== PROVIDED INFORMATION ==
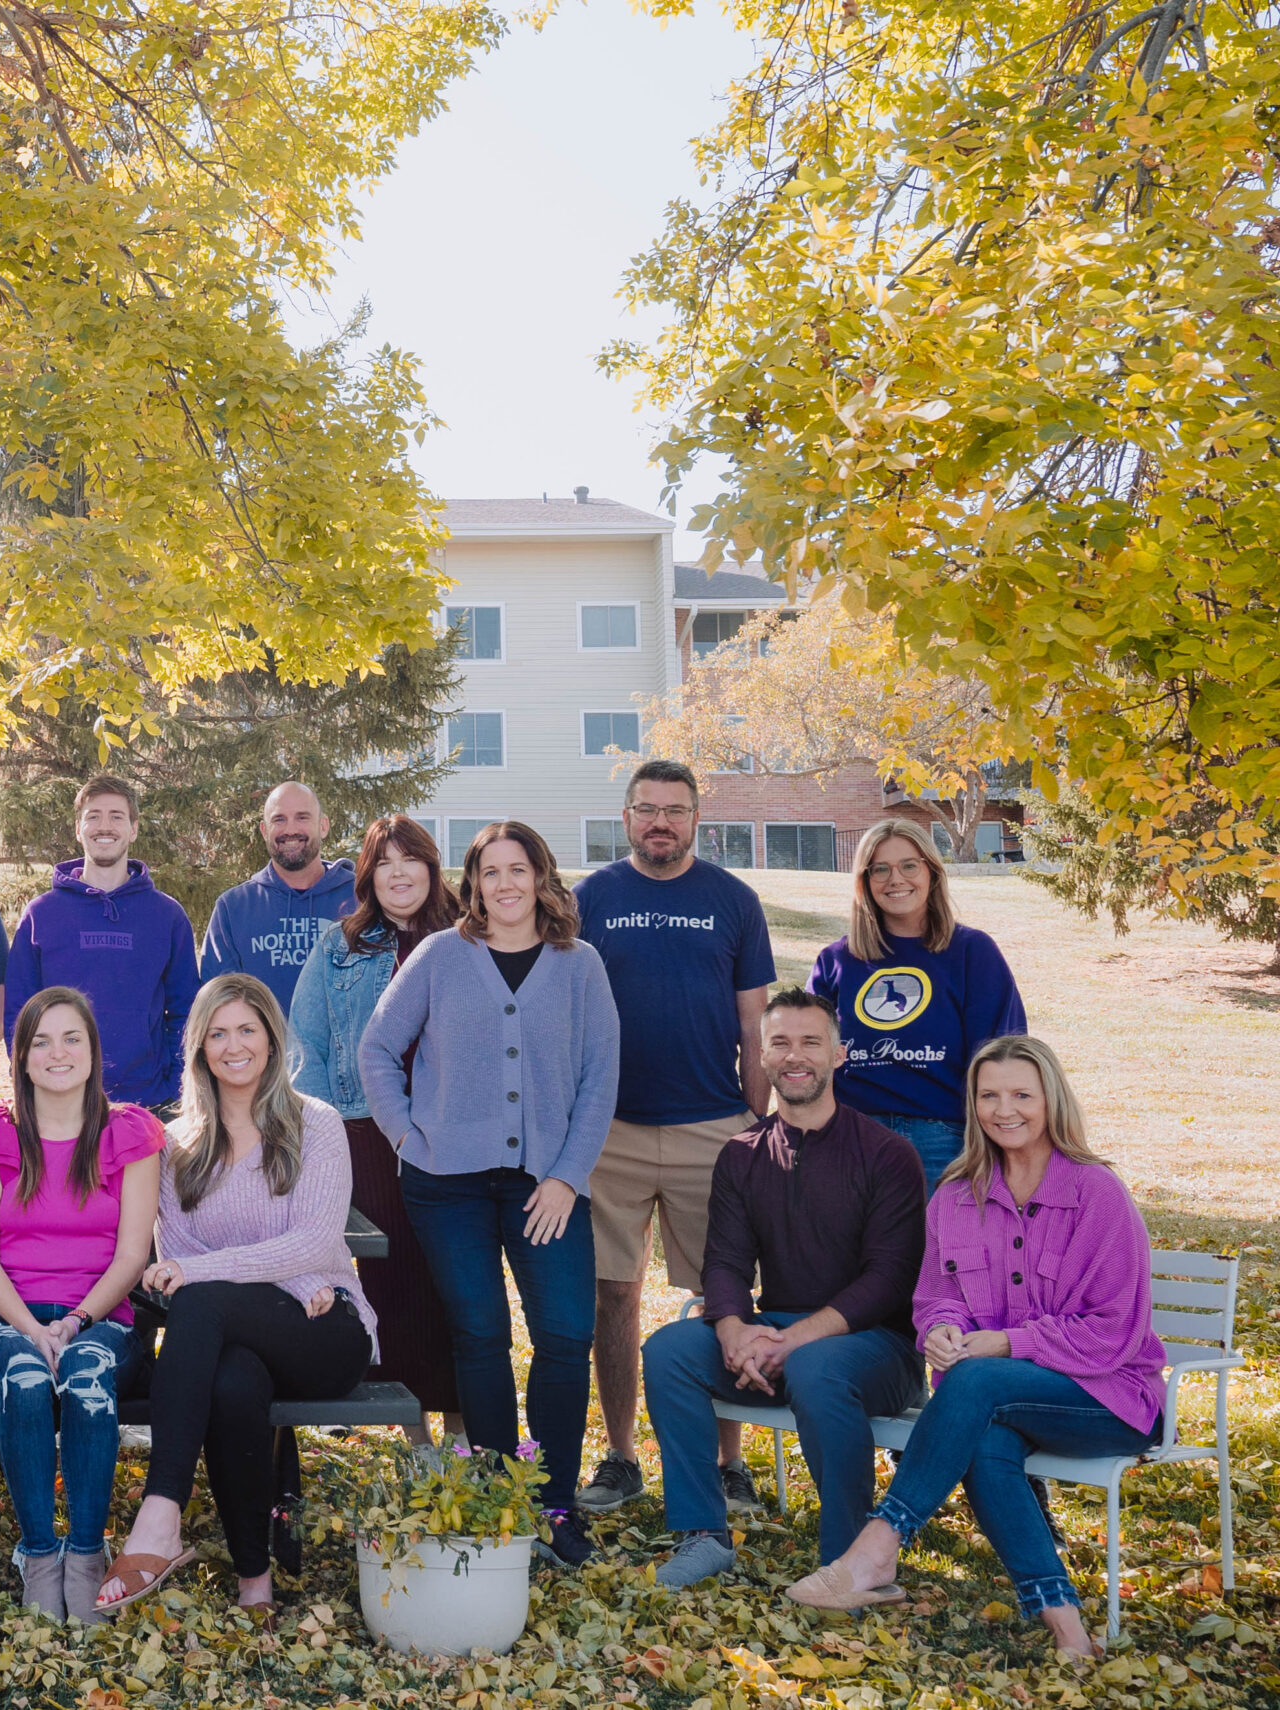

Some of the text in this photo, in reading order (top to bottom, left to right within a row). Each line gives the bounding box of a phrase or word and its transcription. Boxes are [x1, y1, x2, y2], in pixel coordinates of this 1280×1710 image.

[279, 917, 318, 932] THE
[83, 935, 129, 946] VIKINGS
[270, 948, 309, 967] FAC
[870, 1037, 945, 1061] Poochs
===
■ WHAT TO DO
Nothing but an exact copy of the data, without pictures, should be returned.

■ TASK OUTPUT
Some of the text in this photo, in reading order (top to bottom, left to right within a row). Each line gives the bounding box of a phrase or word and its transcription. Boxes are [x1, y1, x2, y2], in pixel coordinates of this 1280×1710 image.

[279, 917, 318, 932] THE
[83, 935, 129, 946] VIKINGS
[270, 948, 309, 967] FAC
[870, 1037, 945, 1061] Poochs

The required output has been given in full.